Renuevan la iglesia católica más antigua de Miami

12/26/2012 12:01 AM

12/26/2012 2:20 PM

Para celebrar el nacimiento de Jesucristo, la iglesia católica más antigua de Miami que lleva su nombre en italiano, Gesù, se ha renovado.

En los últimos meses, el icónico santuario del downtown de Miami ha atravesado un proceso de transformación para restaurar la envejecida torre del campanario, pintar la fachada con nuevos colores, revitalizar el interior del templo y añadir escudos con el emblema de la Compañía de Jesús, la orden religiosa que dirige la parroquia desde finales del siglo XIX.

“Siempre hemos querido revitalizar nuestra presencia en el centro del downtown porque el propio downtown se ha desarrollado y la Iglesia Católica no se iba a quedar atrás”, explicó el padre Eddy Alvarez, superior y párroco de la Iglesia Católica Gesù. “Necesitamos modernizarnos y atraer a nuevos católicos que se han mudado al área”.

Por la cercanía al mar, el salitre y la humedad le habían pasado factura al inmueble en forma de grietas y otros deterioros, que ponían en peligro la estructura de la iglesia, agregó el padre Eduardo Barrios, quien vive en la casa parroquial que en viejos tiempos de abundancia de vocaciones albergada a más de una decena de sacerdotes.

Pero mucho ha cambiado desde entonces. Hoy son apenas tres los sacerdotes que llevan el fardo pesado de la parroquia, la cual ha visto un crecimiento y diversificación de su feligresía, particularmente con profesionales jóvenes que han poblado las nuevas torres de condominio.

Entre esta nueva generación de católicos se encuentra Alberto Carrillo, de 30 años, quien se mudó al área de Brickell con su esposa Janel poco después de su matrimonio en el 2009.

Cuando Carrillo usó en su teléfono inteligente la aplicación Yelp, el motor de búsqueda de sitios locales, para buscar una iglesia católica en el área, la primera opción que apareció en la pantalla era Gesù. Y tenía buenas reseñas.
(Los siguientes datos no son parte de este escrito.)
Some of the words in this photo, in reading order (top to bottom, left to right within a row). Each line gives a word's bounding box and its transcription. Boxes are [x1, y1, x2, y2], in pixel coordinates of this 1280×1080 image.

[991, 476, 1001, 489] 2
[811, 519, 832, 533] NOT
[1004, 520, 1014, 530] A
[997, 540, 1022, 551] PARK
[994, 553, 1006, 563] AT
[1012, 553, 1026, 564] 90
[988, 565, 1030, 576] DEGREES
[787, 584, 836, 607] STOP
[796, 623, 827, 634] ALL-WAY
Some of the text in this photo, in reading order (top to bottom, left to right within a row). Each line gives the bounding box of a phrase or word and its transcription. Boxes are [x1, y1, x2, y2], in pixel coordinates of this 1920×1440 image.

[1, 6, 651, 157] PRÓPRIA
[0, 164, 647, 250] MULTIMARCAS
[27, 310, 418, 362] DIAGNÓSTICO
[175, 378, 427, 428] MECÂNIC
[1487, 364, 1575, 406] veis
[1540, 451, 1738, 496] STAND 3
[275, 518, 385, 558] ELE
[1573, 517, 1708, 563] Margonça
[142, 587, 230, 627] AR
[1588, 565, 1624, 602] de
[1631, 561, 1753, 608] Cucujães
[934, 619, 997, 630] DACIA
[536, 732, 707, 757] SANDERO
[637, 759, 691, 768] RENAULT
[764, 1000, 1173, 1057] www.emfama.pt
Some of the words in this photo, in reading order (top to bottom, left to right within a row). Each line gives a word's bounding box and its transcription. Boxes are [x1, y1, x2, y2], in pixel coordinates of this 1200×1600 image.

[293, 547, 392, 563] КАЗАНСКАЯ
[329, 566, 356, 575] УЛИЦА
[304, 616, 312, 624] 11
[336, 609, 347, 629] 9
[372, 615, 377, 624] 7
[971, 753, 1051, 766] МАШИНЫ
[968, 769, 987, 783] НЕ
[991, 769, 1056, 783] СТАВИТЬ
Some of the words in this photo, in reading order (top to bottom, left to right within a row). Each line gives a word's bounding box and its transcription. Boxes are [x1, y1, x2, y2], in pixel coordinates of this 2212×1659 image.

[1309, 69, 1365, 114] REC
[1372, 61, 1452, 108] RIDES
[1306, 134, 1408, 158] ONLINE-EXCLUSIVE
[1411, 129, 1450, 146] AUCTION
Además de la cercanía —la mayoría de los devotos llegan caminando— lo cautivó el carácter histórico del templo, aunque notó que estaba resquebrajado afuera y sus murales en el interior descoloridos.

“Ahora tiene una apariencia más fresca manteniendo su belleza original”, apuntó Carrillo, corredor de bienes raíces que estudia informática en el vecino Miami Dade College. “Es muy atrayente si eres católico”.

Cuando fue erigida en 1896 como parroquia en un terreno donado por el pionero Hernry Flagler, los católicos eran una pequeña minoría y Miami todavía no se había convertido en ciudad. Se llamaba Sagrado Nombre de Jesús y su jurisdicción abarcaba desde el sur de Palm Beach hasta la parte norte de los Cayos. La diócesis que regía la iglesia estaba a más de 300 millas, en San Agustín.

La iglesia original de madera, que costó $3,600, fue reemplazada en 1922 por el actual templo estilo mediterráneo andaluz que cambió entonces su nombre a Gesù, debido a que el fundador de los jesuitas, San Ignacio de Loyola, está enterrado en la Chiesa del Gesù en Roma.

Hasta hace poco, la iglesia de Miami, en 118 NE 2nd Street, se distinguía por un color poco tradicional en la arquitectura cristiana: rosado.

Uno de los cambios más notables tras la restauración que costó $220,000, es precisamente la pintura del exterior a dos tonos, ocre y terracota, que hacen lucir mejor su interior barroco y los vitrales germánicos que plasman la historia de Jesús y María.

“Es un color más sobrio que se destaca más entre los edificios nuevos que la circundan”, declaró Alvarez. “Realmente no se ha podido descubrir en los archivos de la Ciudad cuál era su color original”.

Para reafirmar la identidad jesuita, se acentuó por toda la iglesia el sello de la orden religiosa, un escudo con las siglas IHS, el tradicional monograma en griego de la palabra Jesús, que soldaron en los barrotes de las puertas y ventanas. También lo dibujaron sobre los paneles que contienen el Credo a lo largo del Vía Crucis.

El próximo paso, que aún no tiene fecha, es trasladar la enorme campana de bronce que se encuentra en la entrada del santuario, a su sitial arriba en la torre restaurada. Obsequiada por un sacerdote de Nueva Orleans en 1897, fue esa la campana que llamó por primera vez a los católicos de Miami a congregarse para rezar a Dios. Y todavía hoy sigue sonando al comienzo de cada misa.